## Brief
Only the lines from the one with "Some of the text" through the end of the data are wanted, copied exactly.

[Dataset entries]
----
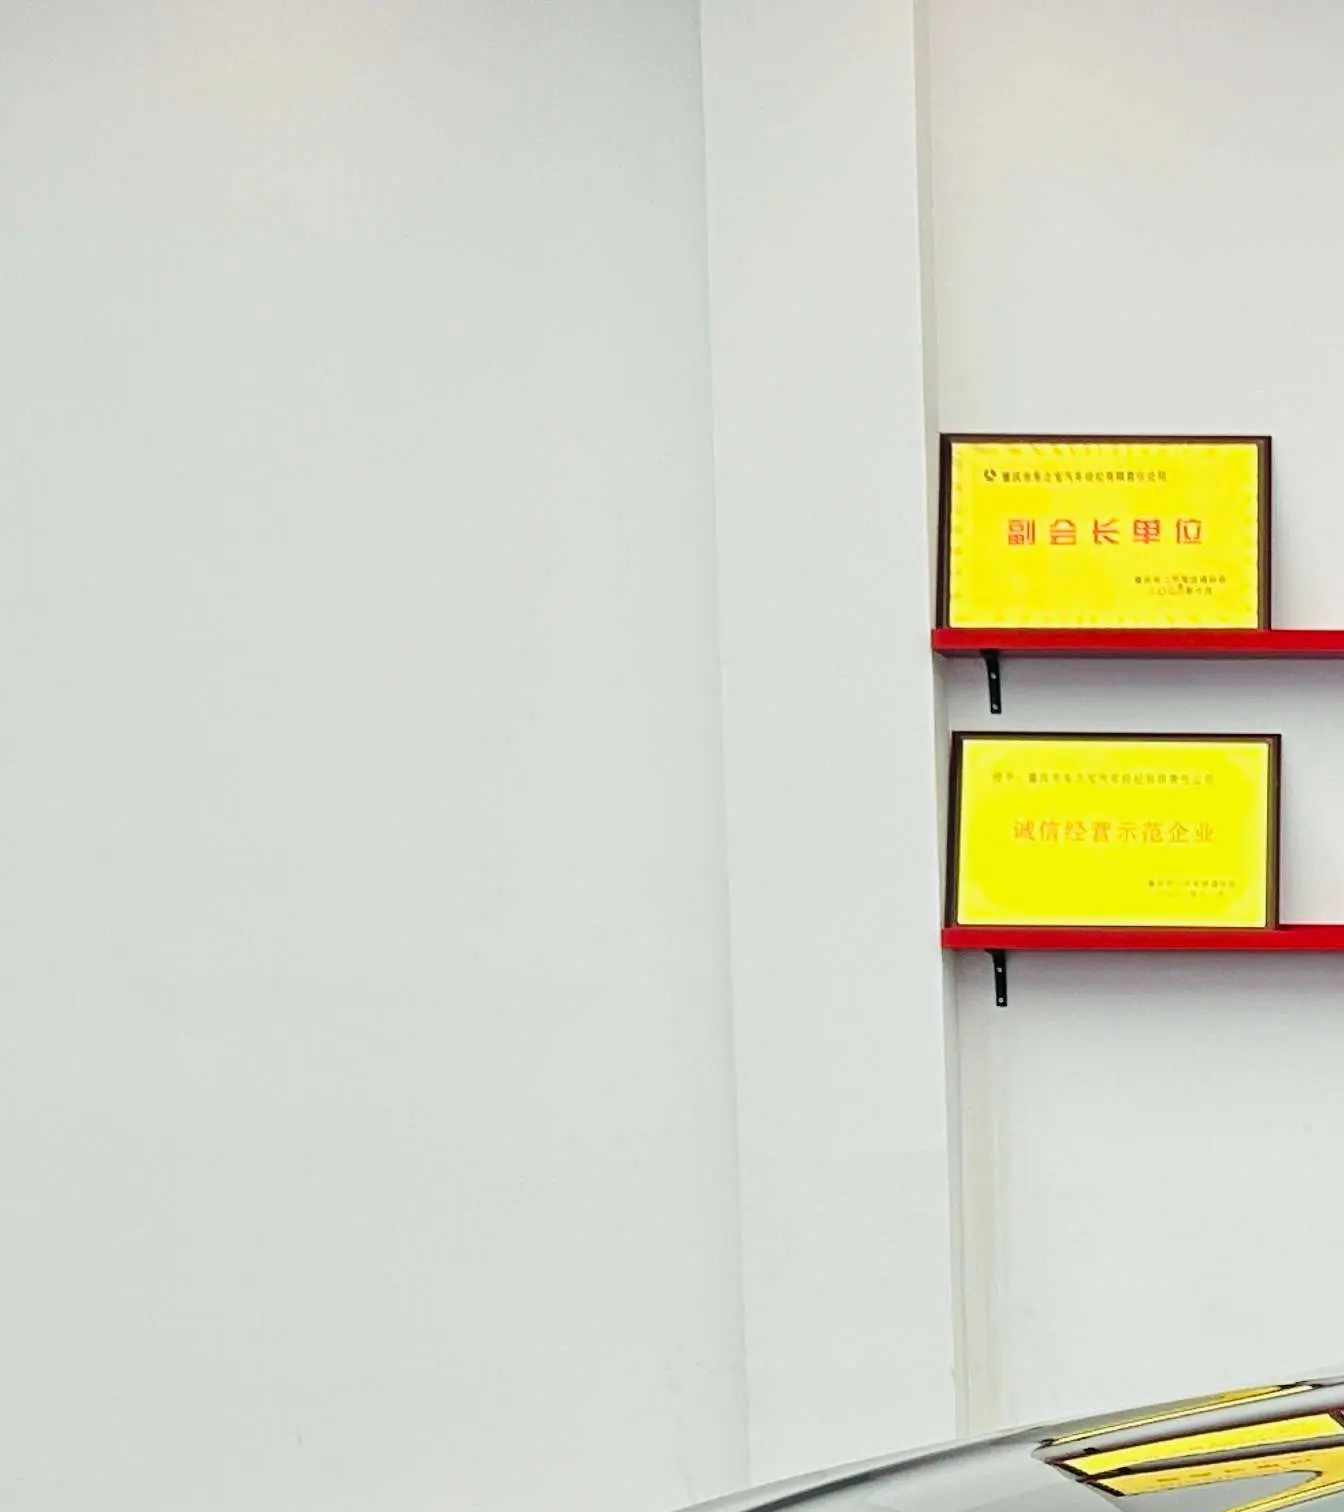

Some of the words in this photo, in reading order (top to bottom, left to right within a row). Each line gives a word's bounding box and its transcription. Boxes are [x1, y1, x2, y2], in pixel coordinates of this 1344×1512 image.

[1008, 519, 1202, 545] 副会长单位
[1013, 819, 1215, 844] 诚信经营示范企业
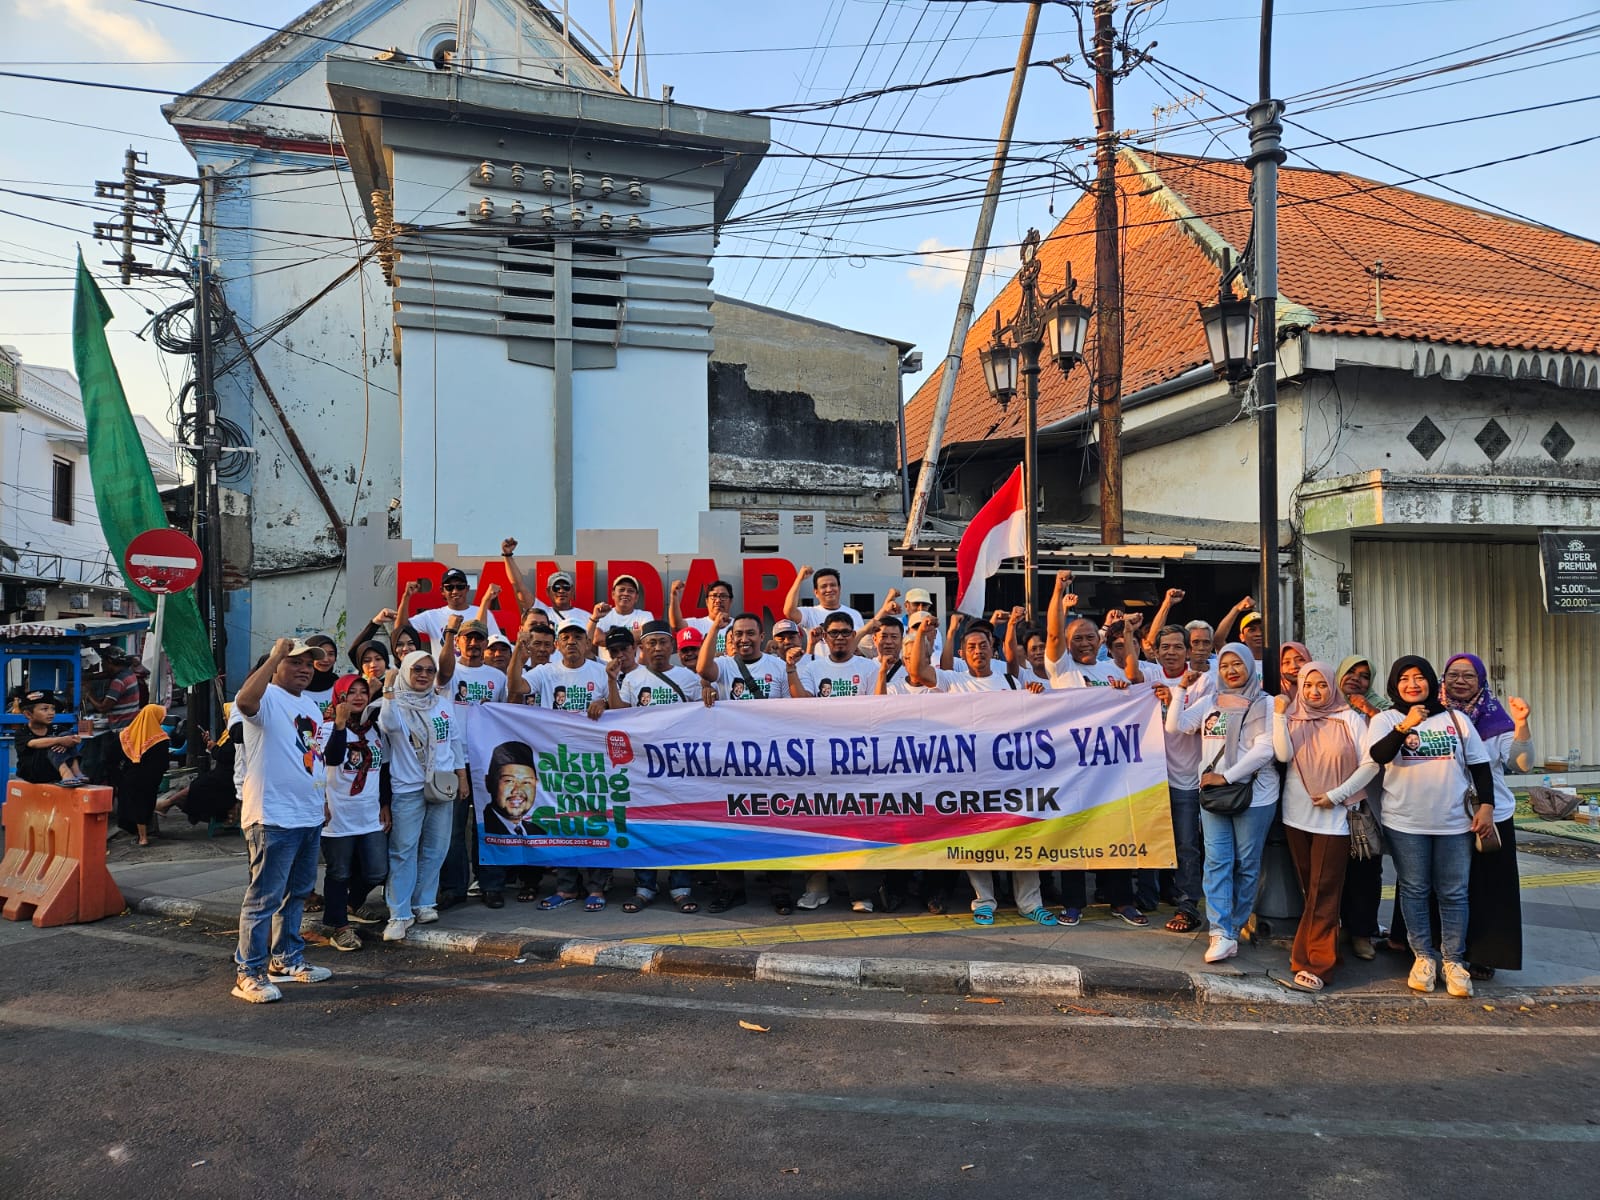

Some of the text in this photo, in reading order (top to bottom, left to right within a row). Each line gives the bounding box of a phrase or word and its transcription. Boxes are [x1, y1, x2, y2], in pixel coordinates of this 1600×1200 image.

[1558, 562, 1597, 570] PREMIUM
[1563, 553, 1591, 561] SUPER
[1561, 584, 1583, 593] 5.000
[1561, 598, 1588, 607] 20.000
[538, 743, 605, 773] aku
[643, 723, 1143, 779] DEKLARASI RELAWAN GUS YANI
[539, 767, 631, 802] wong
[556, 794, 607, 813] mu
[727, 786, 1061, 817] KECAMATAN GRESIK
[531, 806, 630, 849] Gus!
[946, 843, 1148, 863] Minggu, 25 Agustus 2024
----
## Solution to this task
Some of the text in this photo, in reading order (top to bottom, left to right within a row). Each line gives the bounding box of a phrase or word and its transcription. Boxes are [x1, y1, x2, y2], in pixel coordinates of this 1600×1200 image.

[1558, 562, 1597, 570] PREMIUM
[1563, 553, 1591, 561] SUPER
[1561, 584, 1583, 593] 5.000
[1561, 598, 1588, 607] 20.000
[538, 743, 605, 773] aku
[643, 723, 1143, 779] DEKLARASI RELAWAN GUS YANI
[539, 767, 631, 802] wong
[556, 794, 607, 813] mu
[727, 786, 1061, 817] KECAMATAN GRESIK
[531, 806, 630, 849] Gus!
[946, 843, 1148, 863] Minggu, 25 Agustus 2024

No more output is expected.